A new contract brought in that year allowed family doctors to opt out of providing round-the-clock care for patients in return for around a £6,000 annual drop in salary each.
But the current arrangements - which sees PCTs using a mixture of in-house teams, co-operatives and private firms - has come in for repeated criticism.
The poll and investigation, by Pulse magazine, found that 60% of 880 GPs surveyed believe the standard of services has declined since PCTs took over responsibility.
Just over one in 10 (12%) said they thought the service had improved. Almost half (44%) of GPs questioned said they had had patients complain about out-of-hours care in the last year.
Meanwhile, the workload of those GPs working out-of-hours had gone up 75% since PCTs took over.
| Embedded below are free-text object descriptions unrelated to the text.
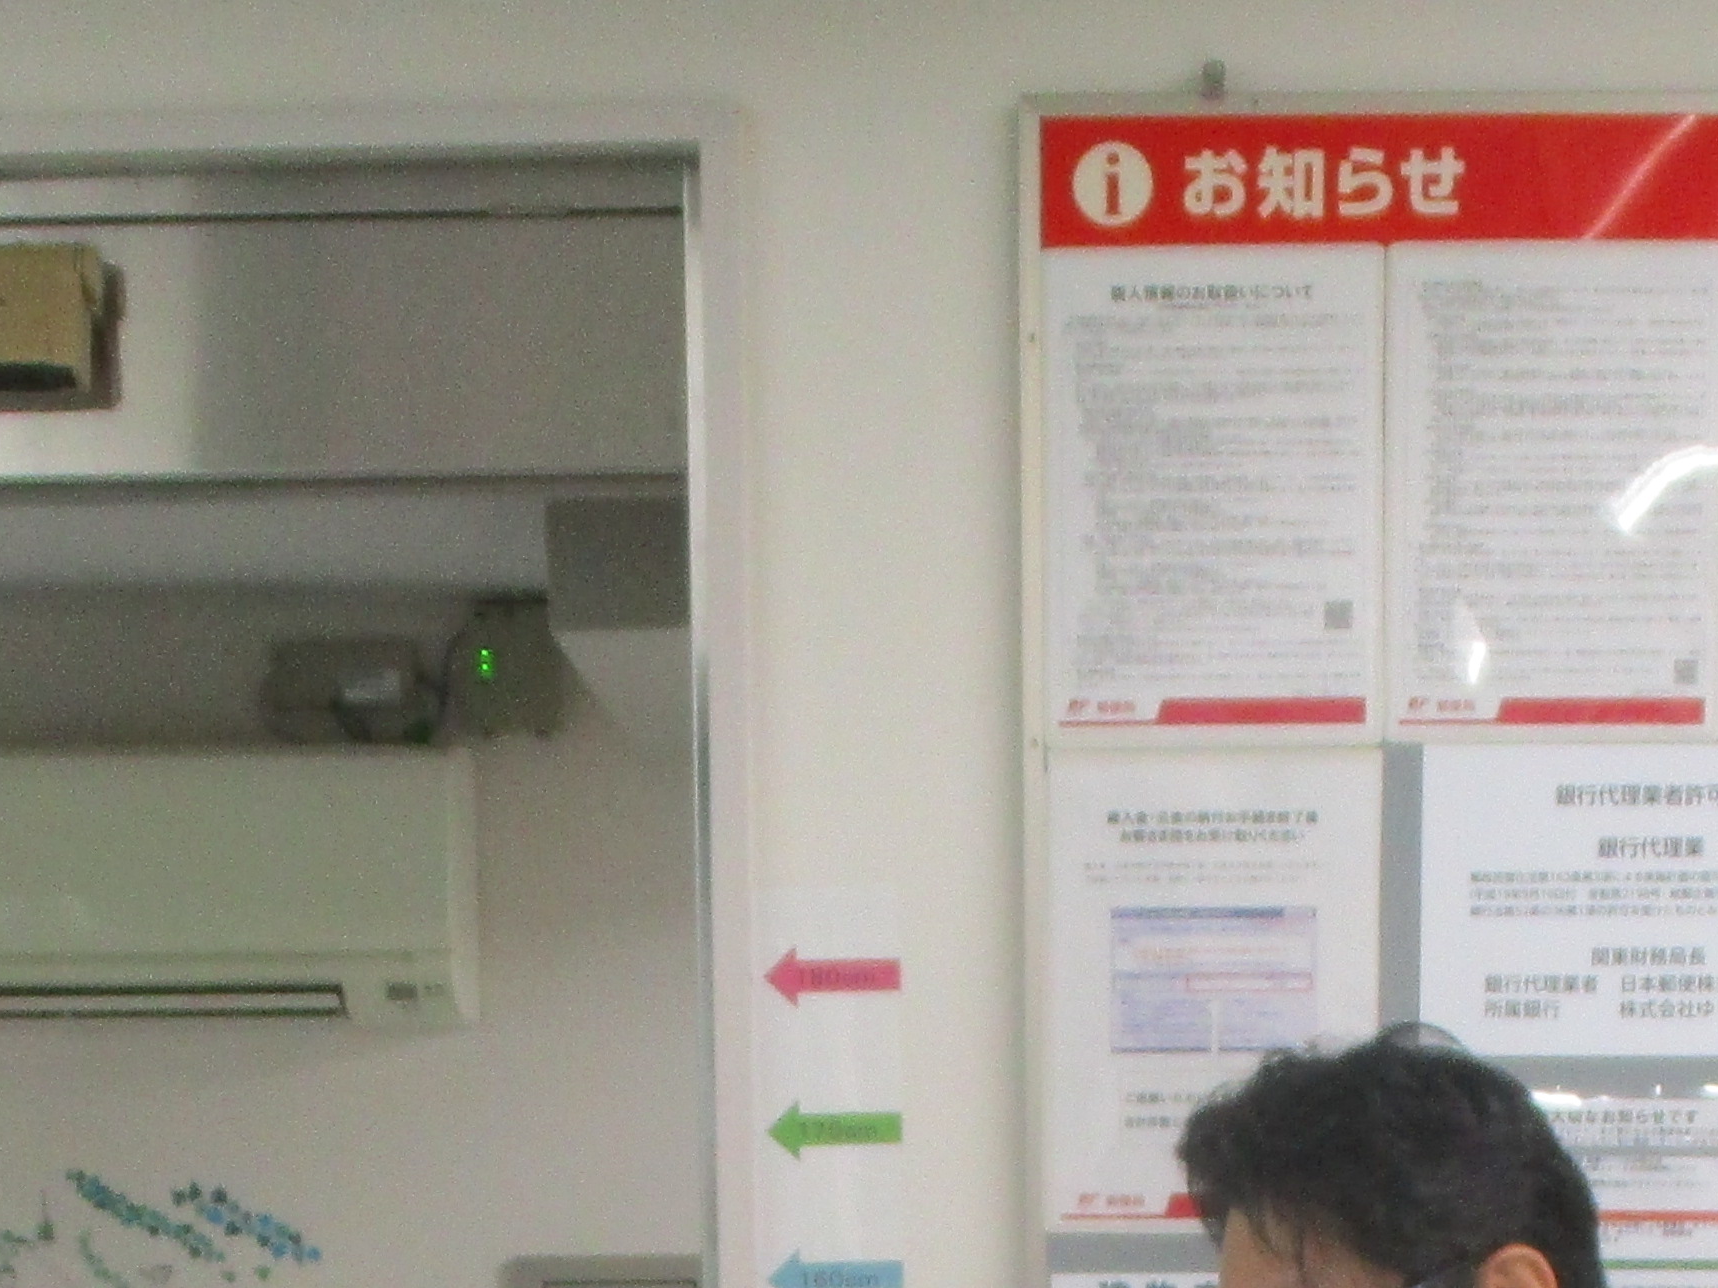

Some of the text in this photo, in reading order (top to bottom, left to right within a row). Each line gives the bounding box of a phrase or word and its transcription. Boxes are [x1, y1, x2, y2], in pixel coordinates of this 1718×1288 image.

[1184, 146, 1466, 220] お知らせ
[1597, 835, 1705, 860] 銀行代理業
[1590, 946, 1707, 967] 関東財務局長
[1484, 974, 1599, 994] 銀行代理業者
[1484, 999, 1560, 1020] 所属銀行
[801, 1269, 879, 1288] 160cm
According to Pulse, some GPs had said PCTs were relying on "telephone triage" rather than face to face consultations. Trusts were also increasingly using nurses rather than doctors, it said.
A Pulse poll of more than 3,000 patients also found that one in five had received "poor" or "very poor" care the last time they sought help out-of-hours.
Health Minister Ben Bradshaw said: "The NAO report on out-of-hours services (May 2006) recognised that patients' experiences of out-of-hours services were generally positive. Primary care trusts have a legal responsibility to make sure patients are well cared for during the out-of-hours period and are responsible for performance managing their providers in the delivery of out-of-hours services."